Both Obama and Romney believe that if the US consumer continues to recover and can absorb the coming fiscal contraction (we’ll get to this in a moment) and the domestic corporate tax rate comes down significantly, American companies could quickly discover there are profits to be made at home and withdraw investment abroad.

Former US president Bill Clinton, who is one of the more astute observers of the American economy, has been calling for cuts to the corporate tax rate for some time now. He lowered the corporate tax burden in the early stages of his presidency to rekindle investment from the recession in the early 1990s. It worked.

Obama listened but not only is his tax cut less than Romney's but he is looking to close a number of tax loopholes that have helped drive the effective tax take from the stay-at-home US corporations able to use the loopholes down to a forty-year low of 12.1 per cent, according to the Congressional Budget Office. Romney has been vague on this front.

While Obama agrees on the corporate tax cuts, Romney has other agenda items.

Romney plans to write bills to reinstate the Trade Promotion Authority to help encourage more free trade agreements, instruct the Department of the Interior to conduct an energy review, send federal retraining programs ‘back’ to the states and cut non-discretionary spending by $20 billion.

Of his executive orders he’s lining up Obamacare and red tape, looking for more domestic oil drilling, sanctioning China for its currency manipulation and "empowering” American businesses and workers (whatever that means).

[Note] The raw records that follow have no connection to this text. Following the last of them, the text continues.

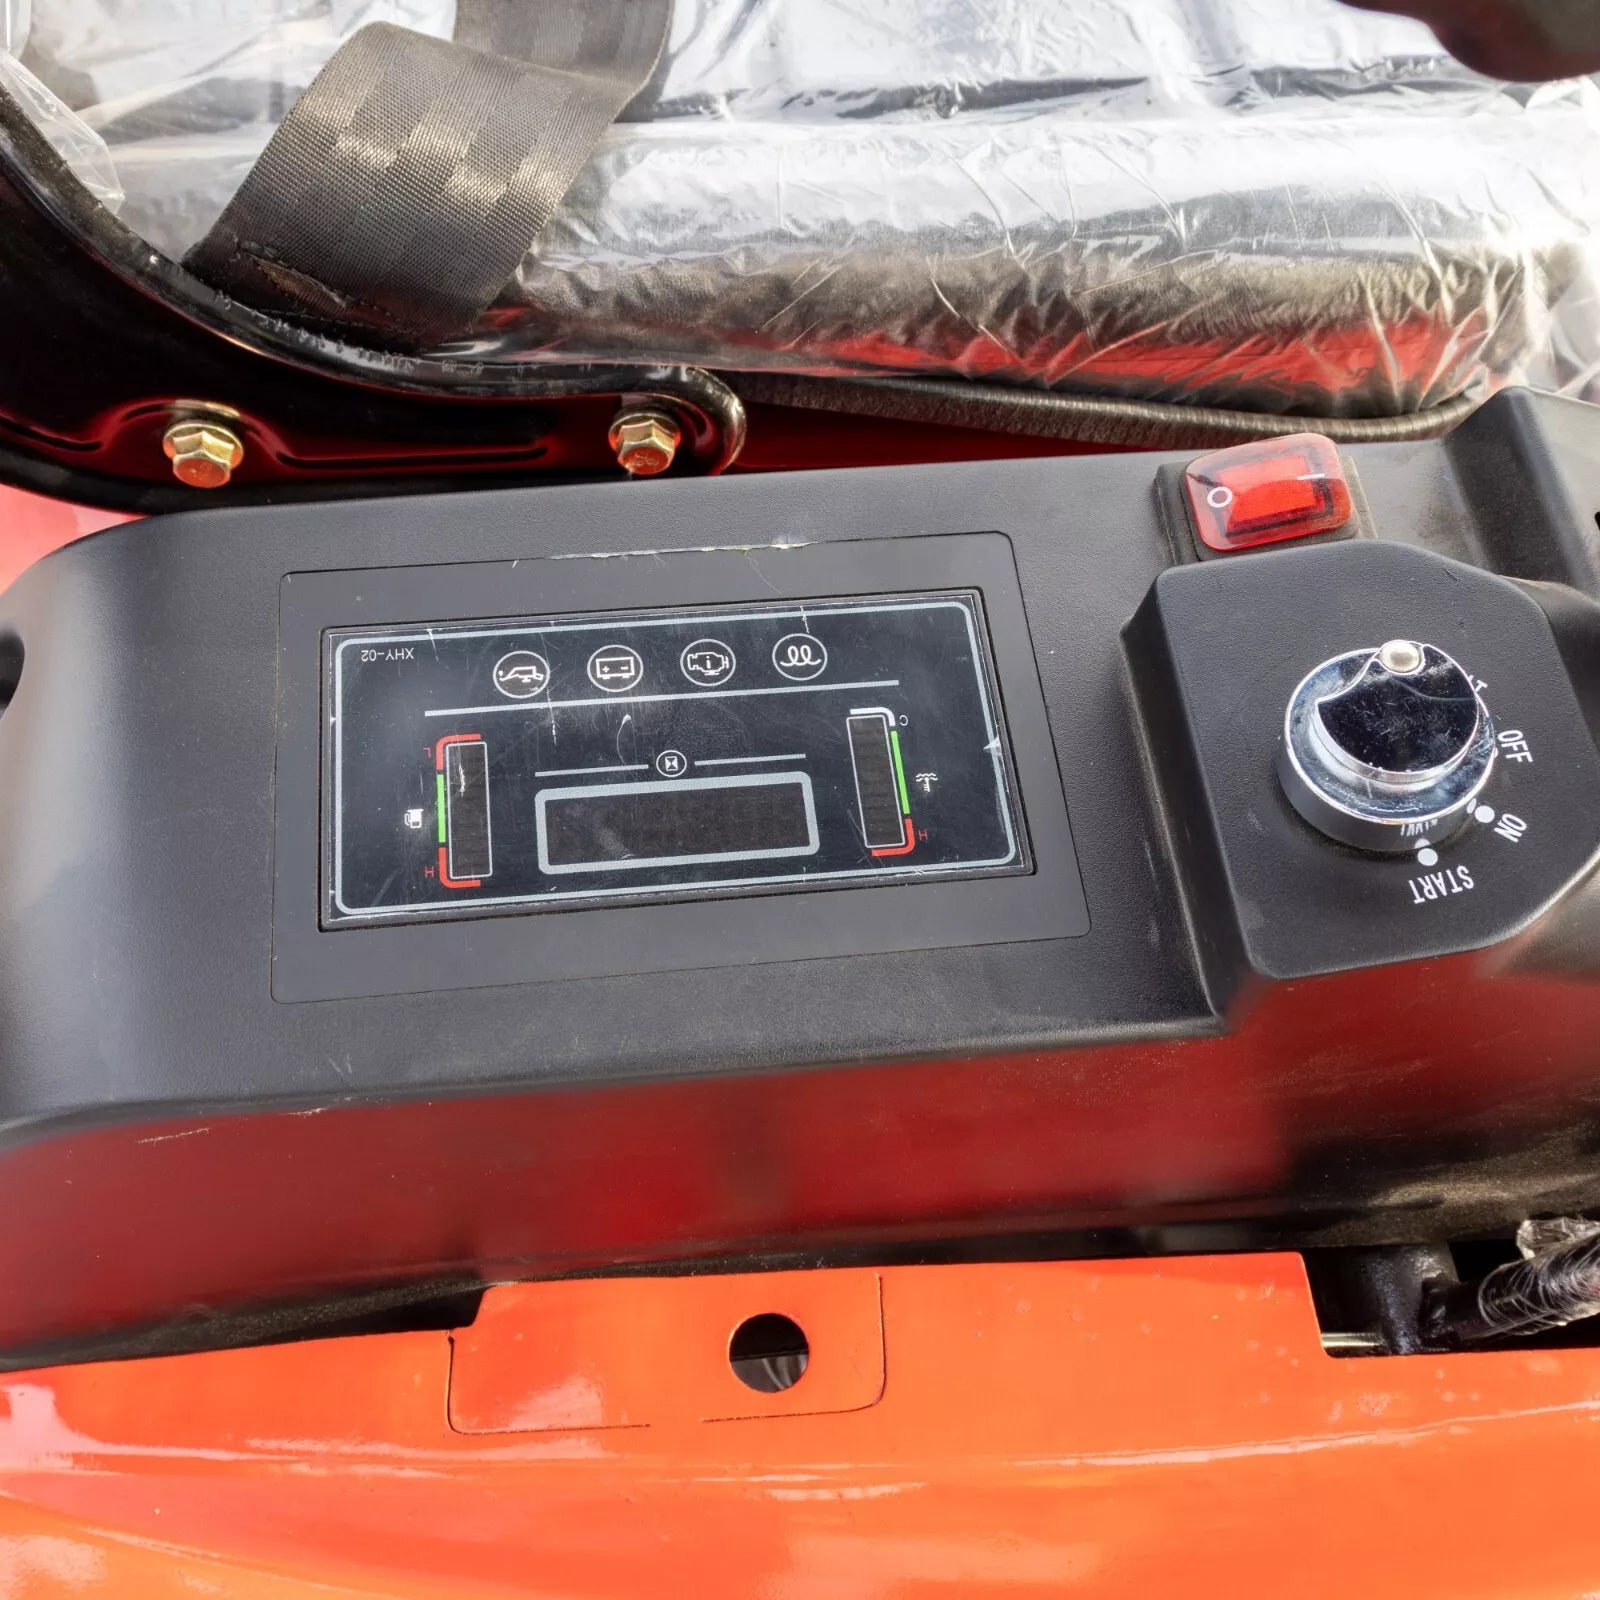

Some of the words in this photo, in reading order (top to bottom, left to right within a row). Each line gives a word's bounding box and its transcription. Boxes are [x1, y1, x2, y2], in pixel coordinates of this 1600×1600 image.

[361, 647, 414, 662] XHY-02
[1497, 729, 1534, 763] OFF
[918, 829, 929, 841] H
[1493, 813, 1527, 843] ON
[424, 865, 435, 878] H
[1408, 865, 1475, 904] START

His obvious preference is for more drilling for oil and gas, which could present some opportunities for Australian majors with a US presence, like BHP Billiton and Woodside Petroleum.

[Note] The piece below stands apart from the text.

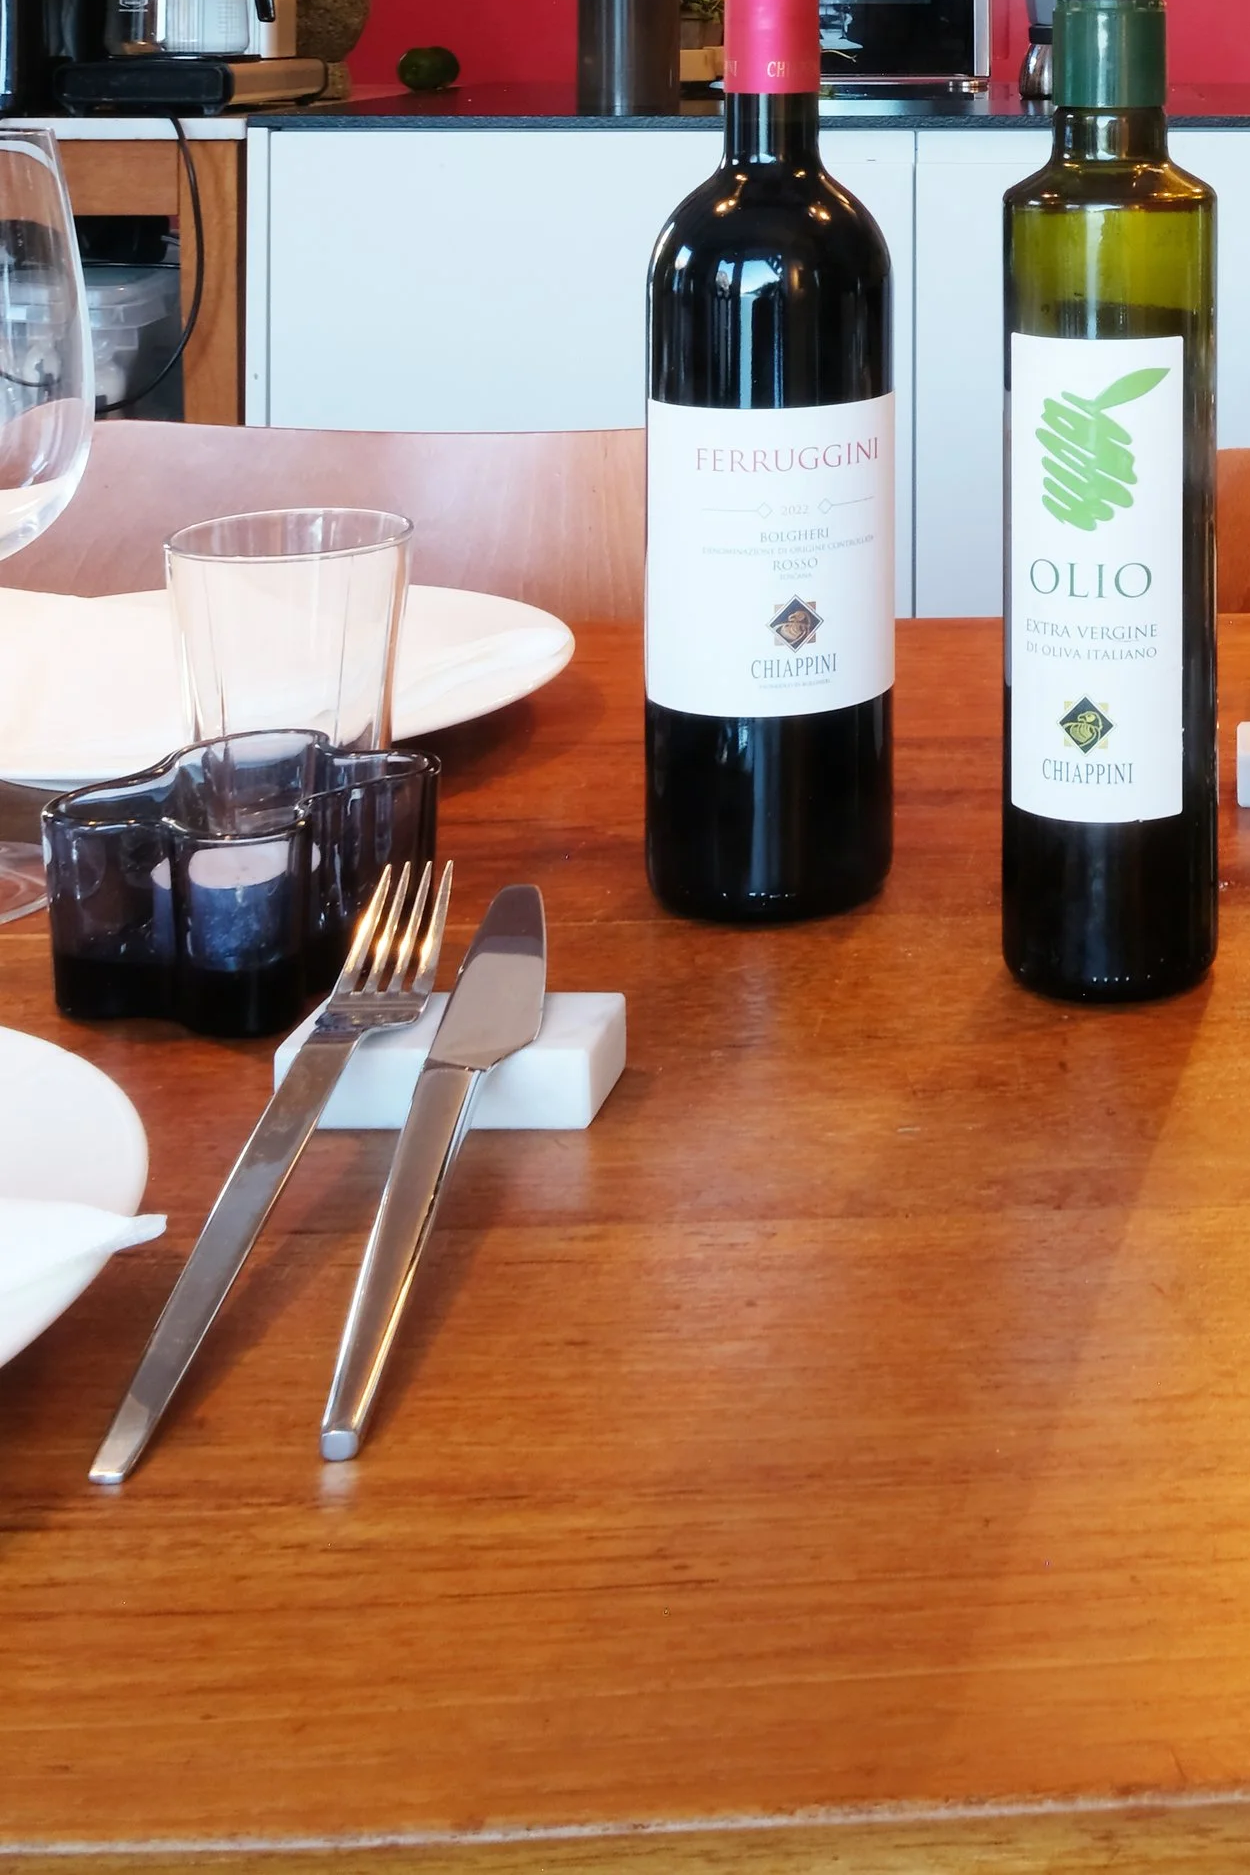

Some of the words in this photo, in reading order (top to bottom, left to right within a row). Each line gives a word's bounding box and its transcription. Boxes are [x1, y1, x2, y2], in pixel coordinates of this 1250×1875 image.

However, censuring of Chinese trade practices could easily put Australia and its companies in an awkward position, wedged between a crucial historical ally and an indispensable economic partner.

Health companies like CSL could be in for a slightly less good time if Romney makes any serious headway on repealing Obamacare, which is one of his a clear priorities.

Both candidates are framing all these issues in some way under the heading of economic management, which means the US budget deficit. In reality, these are all side issues.

As Alan Kohler explains (US sleepwalks towards a fiscal cliff, April 17) the US is facing the biggest fiscal contraction in its history, with income and payroll tax cuts expiring and the deadline for $US1.2 trillion in budget cuts drawing near.

Where are the cuts going to come from?

Eighty-two per cent of projected US government spending in the 2013 financial year is headed for social security, Medicare/Medicaid and defence. Meaningful cuts have to come from these three.

Obama has only really been willing to spend political capital on the last, defence. Australian shipbuilding company Austal has a contract with the US navy worth up to $US3.5 billion if they continue purchasing combat vessels. So far the navy said yes to four, with a maximum of 10 available.

If Obama were to win a second term and get serious about defence spending cuts, contracts like these could be shortened. The Joint Strike Fighter, which looks to be a lemon, is another obvious cut. But cutting defence spending in the US is a treacherous task.

Whoever wins the election, they’ll be relying on US companies bringing a shedload of money home to fill the gap left by the government’s budget cuts.